O Segundo Domingo da Quaresma não é a festa da Transfiguração do Senhor (6 de Agosto: A festa da Transfiguração), mas este mistério está intimamente vinculado na liturgia romana a esta etapa do itinerário para a Páscoa a partir da formação desta preparação de quarenta dias.


O conjunto das leituras deste Domingo do Ciclo A (São Mateus) se apresenta como explicação de um duplo itinerário: o itinerário do homem para Deus e o itinerário de Deus para o homem. No entanto, a iniciativa em ambos os itinerários, pertence a Deus: Deus é quem chama o homem: Abraão (Primeira Leitura) e nos chama (Segunda Leitura), com uma vocação santa para uma benção misteriosa. Agora é Deus Quem apresenta, aos homens, Jesus Cristo, Seu Filho, o Amado, Seu Predileto, para que O escutem e O sigam, e sejam assim participantes de Sua glória.

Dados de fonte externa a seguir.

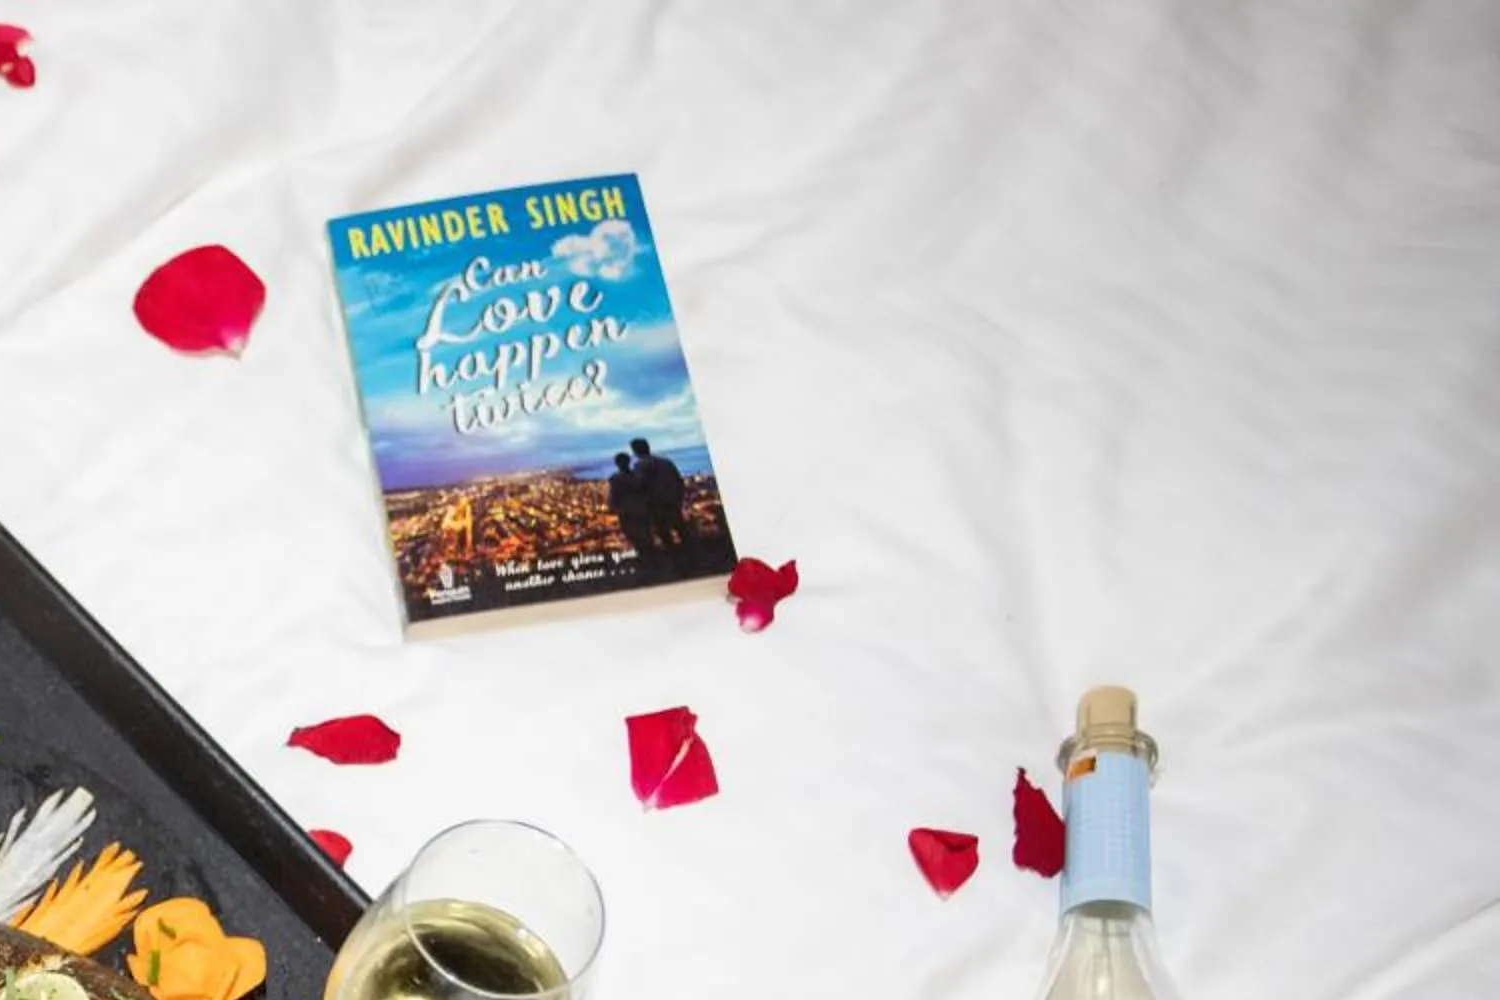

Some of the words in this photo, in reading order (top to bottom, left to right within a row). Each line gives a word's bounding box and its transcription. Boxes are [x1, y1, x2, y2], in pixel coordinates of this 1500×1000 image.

[347, 202, 511, 260] RAVINDER
[525, 186, 627, 230] SINGH
[464, 255, 547, 291] Can
[415, 275, 604, 349] Love
[417, 315, 628, 396] happen
[494, 559, 531, 578] When
[536, 557, 565, 573] love
[611, 547, 638, 564] you
[505, 574, 555, 592] another
[561, 567, 604, 584] chance
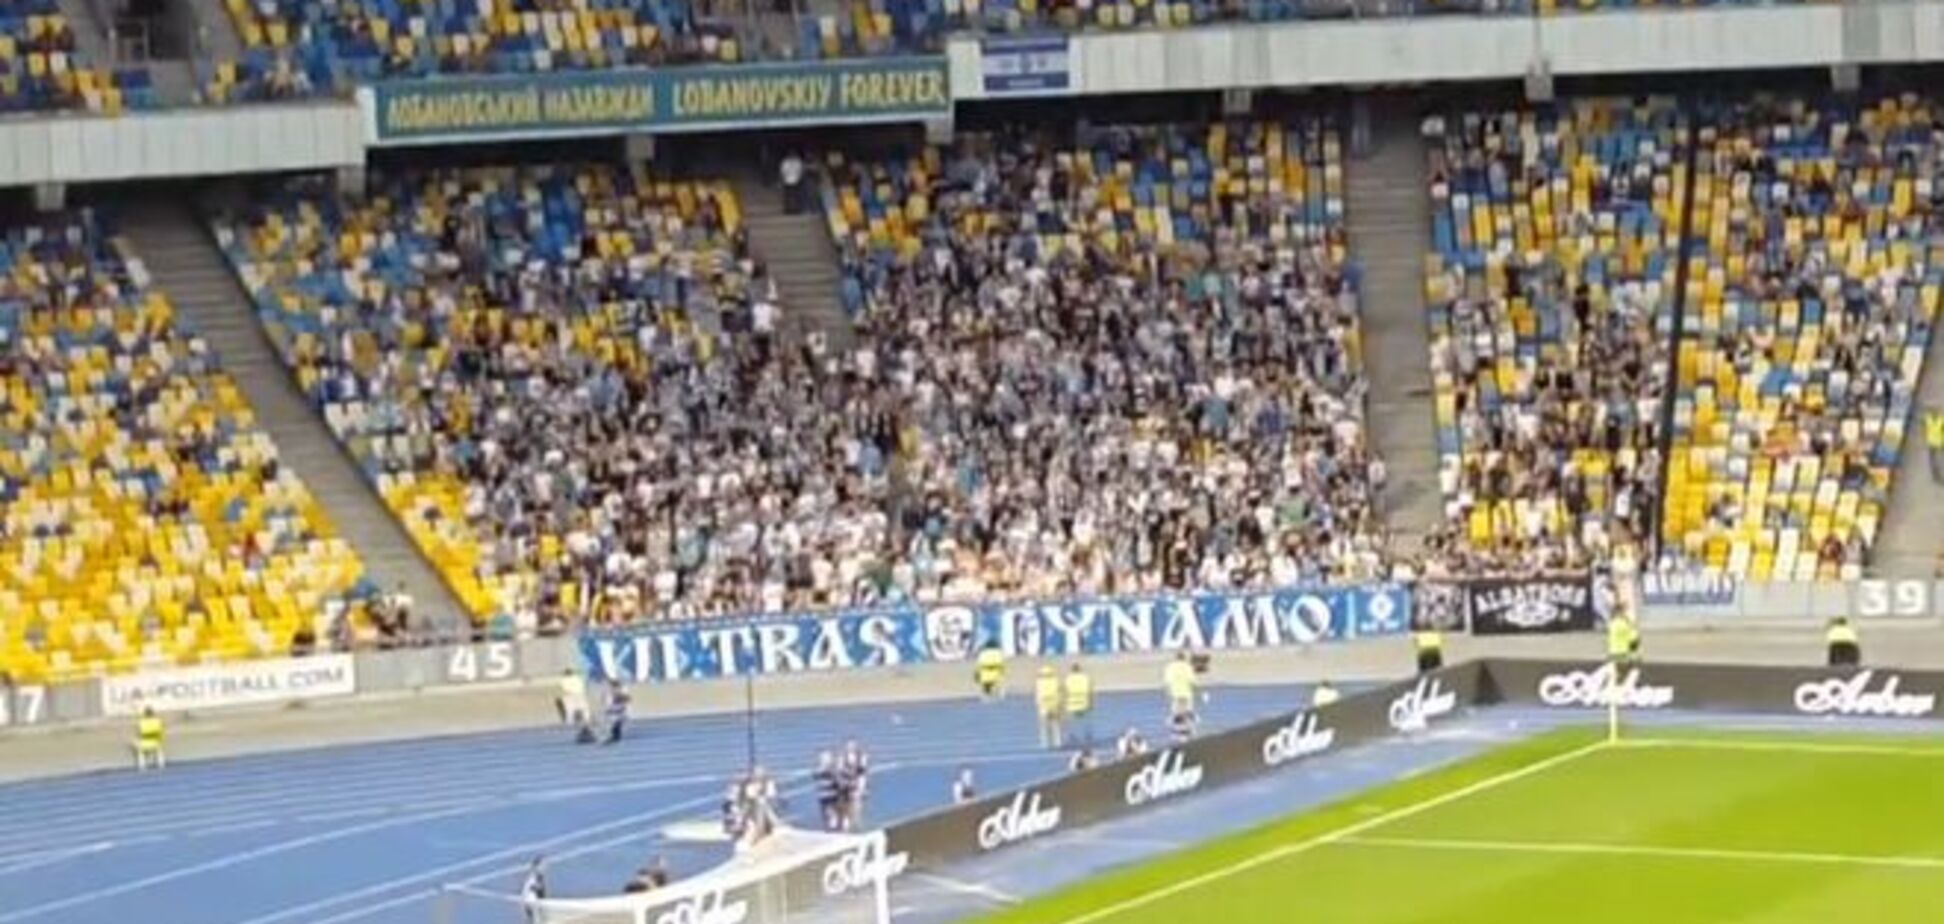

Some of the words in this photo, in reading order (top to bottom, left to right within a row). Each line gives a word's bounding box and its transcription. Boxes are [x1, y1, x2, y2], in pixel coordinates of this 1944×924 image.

O Salmo Responsorial (Sl 32/33) é uma súplica serena que contempla ambos os aspectos do itinerário: o amor de Deus que acompanha o homem em seu itinerário de busca, e a ação de Deus para o homem, libertando-o da morte, fundamento de nossa esperança: “O Senhor pousa o olhar sobre os que o temem, e que confiam esperando em seu amor, para da morte libertar as suas vidas e alimentá-los quando é tempo de penúria. No Senhor nós esperamos confiantes, porque ele é nosso auxílio e proteção! Sobre nós venha, Senhor, a vossa graça, da mesma forma que em vós nós esperamos!”.


No contexto quaresmal, o itinerário do homem sublinha a continuidade com o tema do Domingo anterior: estamos no “tempo”, especialmente dedicado a refazer ou renovar nossa vida cristã; o itinerário de Deus para o homem sublinha a condição salvífica do mistério pascal: o Senhor veio para nos salvar por amor.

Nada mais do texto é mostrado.